Abstract
Large-scale wastewater surveillance has the ability to greatly augment the tracking of infection dynamics especially in communities where the prevalence rates far exceed the testing capacity. However, current methods for viral detection in wastewater are severely lacking in terms of scaling up for high throughput. In the present study, we employed an automated magnetic-bead based concentration approach for viral detection in sewage that can effectively be scaled up for processing 24 samples in a single 40-minute run.
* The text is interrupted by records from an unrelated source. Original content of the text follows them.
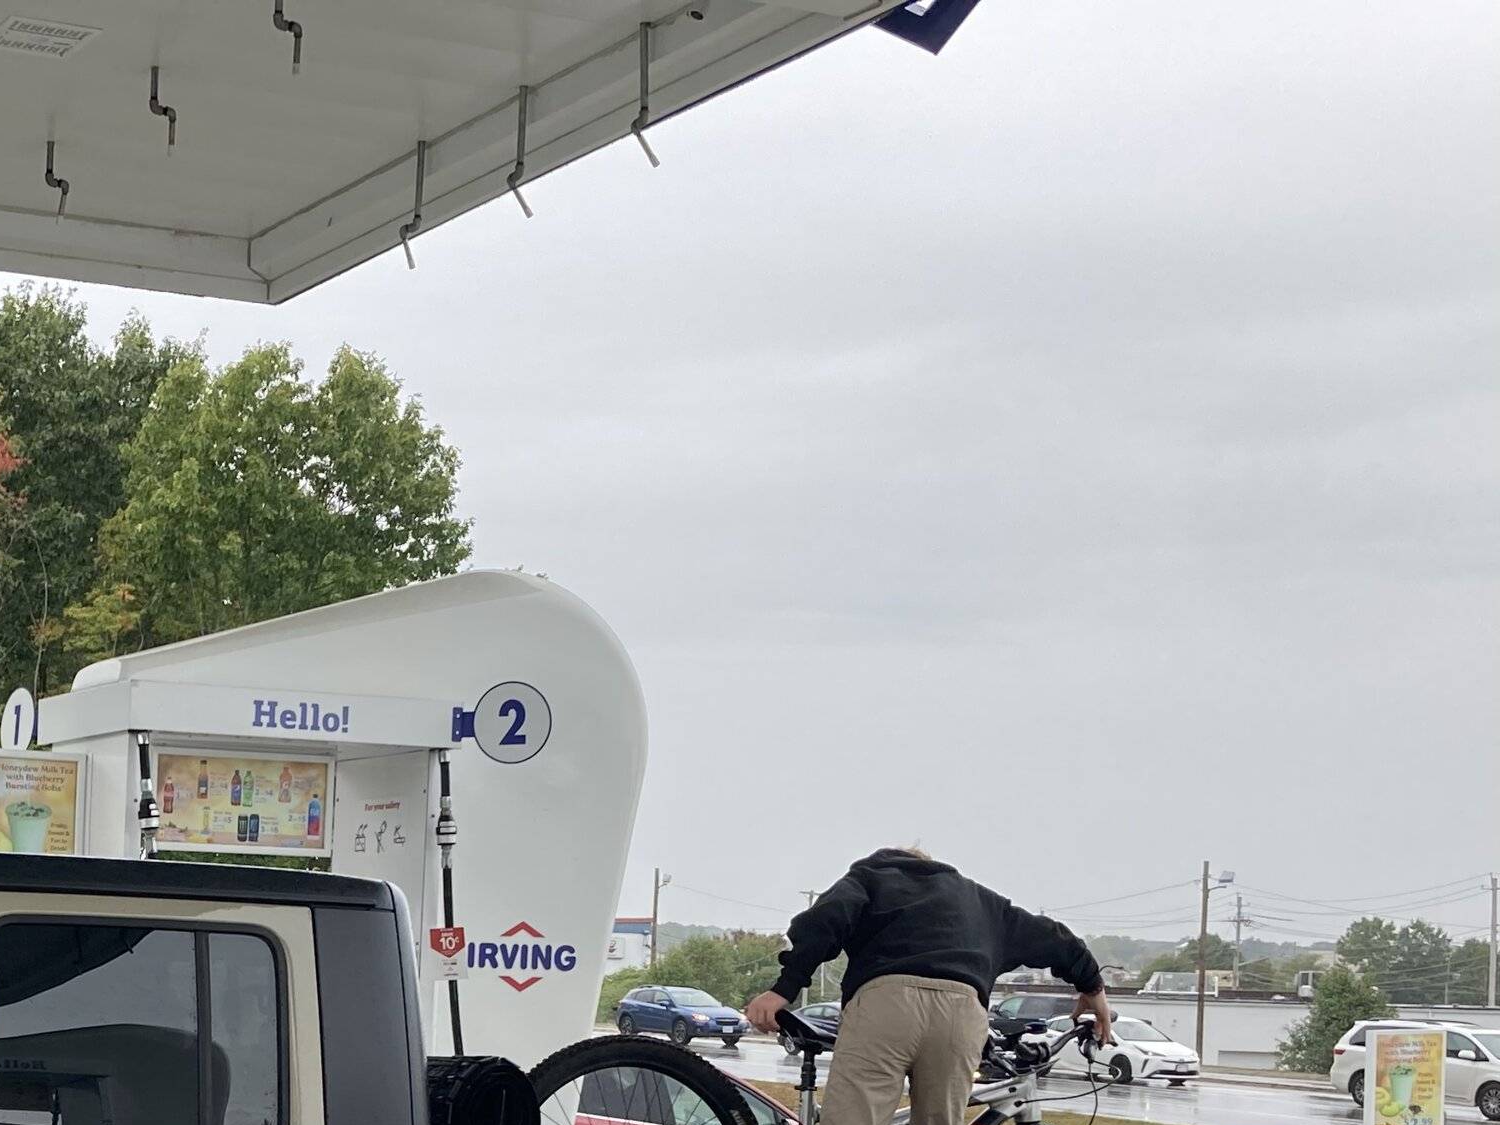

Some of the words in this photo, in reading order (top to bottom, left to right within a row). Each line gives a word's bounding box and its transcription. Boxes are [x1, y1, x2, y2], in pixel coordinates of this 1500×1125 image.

[14, 704, 21, 746] 1
[252, 700, 350, 733] Hello!
[498, 699, 526, 746] 2
[41, 765, 59, 773] Milk
[467, 942, 577, 972] IRVING
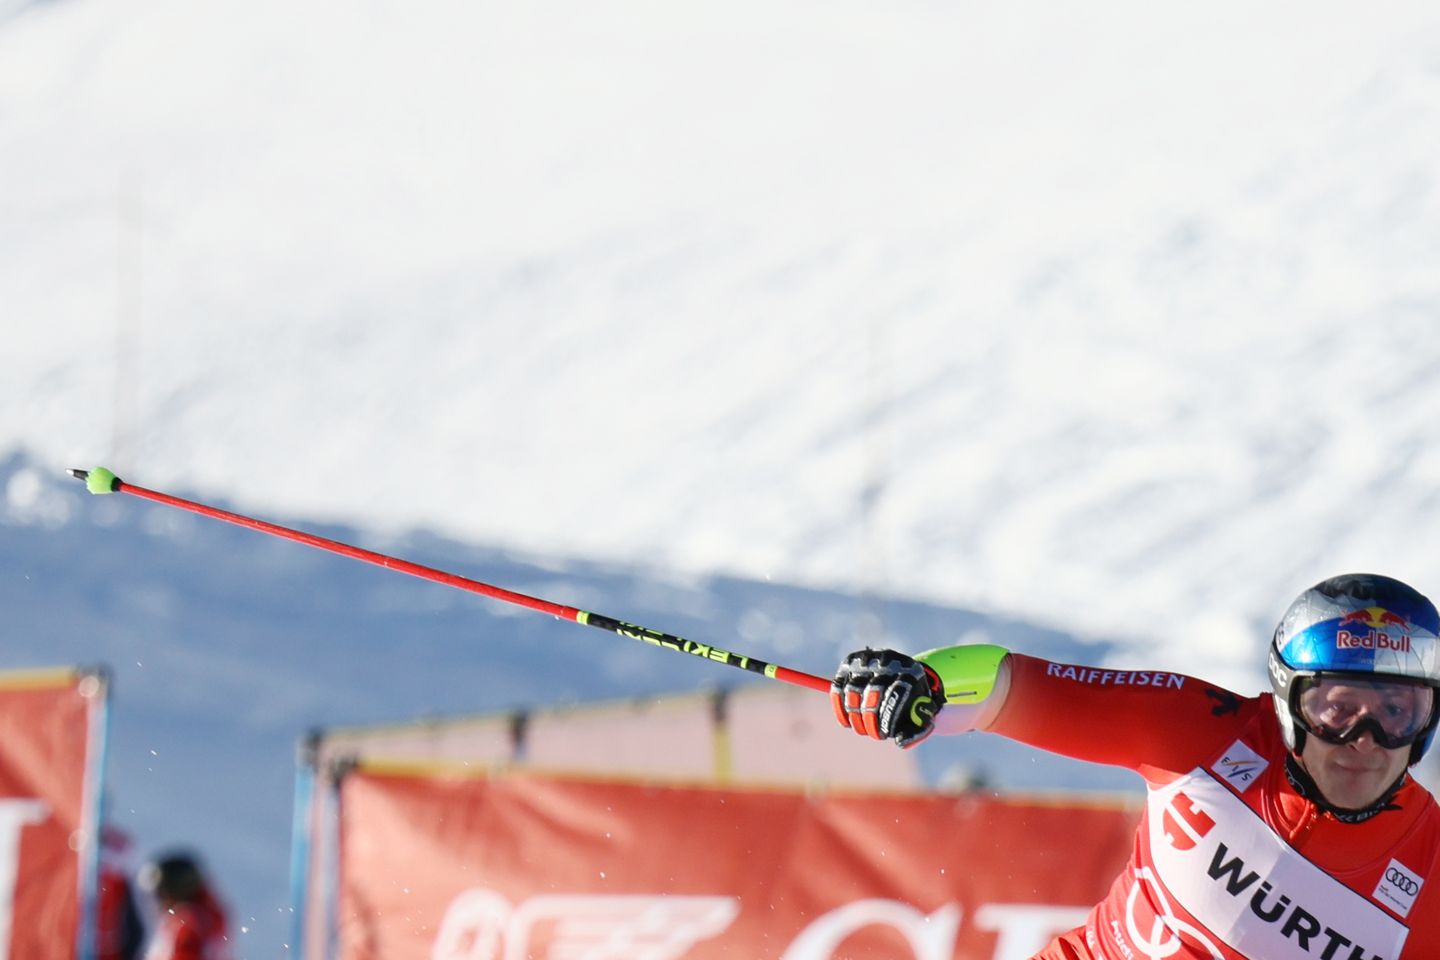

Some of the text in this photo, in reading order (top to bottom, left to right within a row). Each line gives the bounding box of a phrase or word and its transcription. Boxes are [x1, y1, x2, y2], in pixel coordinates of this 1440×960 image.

[1336, 630, 1412, 653] Red Bull
[1046, 662, 1186, 690] RAIFFEISEN
The method compared favorably to conventionally used methods for viral wastewater concentrations with higher recovery efficiencies from input sample volumes as low as 10ml and can enable the processing of over 100 wastewater samples in a day. The sensitivity of the high-throughput protocol was shown to detect cases as low as 2 in a hospital building with a known COVID-19 caseload. Using the high throughput pipeline, samples from the influent stream of the primary wastewater treatment plant of San Diego county (serving 2.3 million residents) were processed for a period of 13 weeks. Wastewater estimates of SARS-CoV-2 viral genome copies in raw untreated wastewater correlated strongly with clinically reported cases by the county, and when used alongside past reported case numbers and temporal information in an autoregressive integrated moving average (ARIMA) model enabled prediction of new reported cases up to 3 weeks in advance. Taken together, the results show that the high-throughput surveillance could greatly ameliorate comprehensive community prevalence assessments by providing robust, rapid estimates.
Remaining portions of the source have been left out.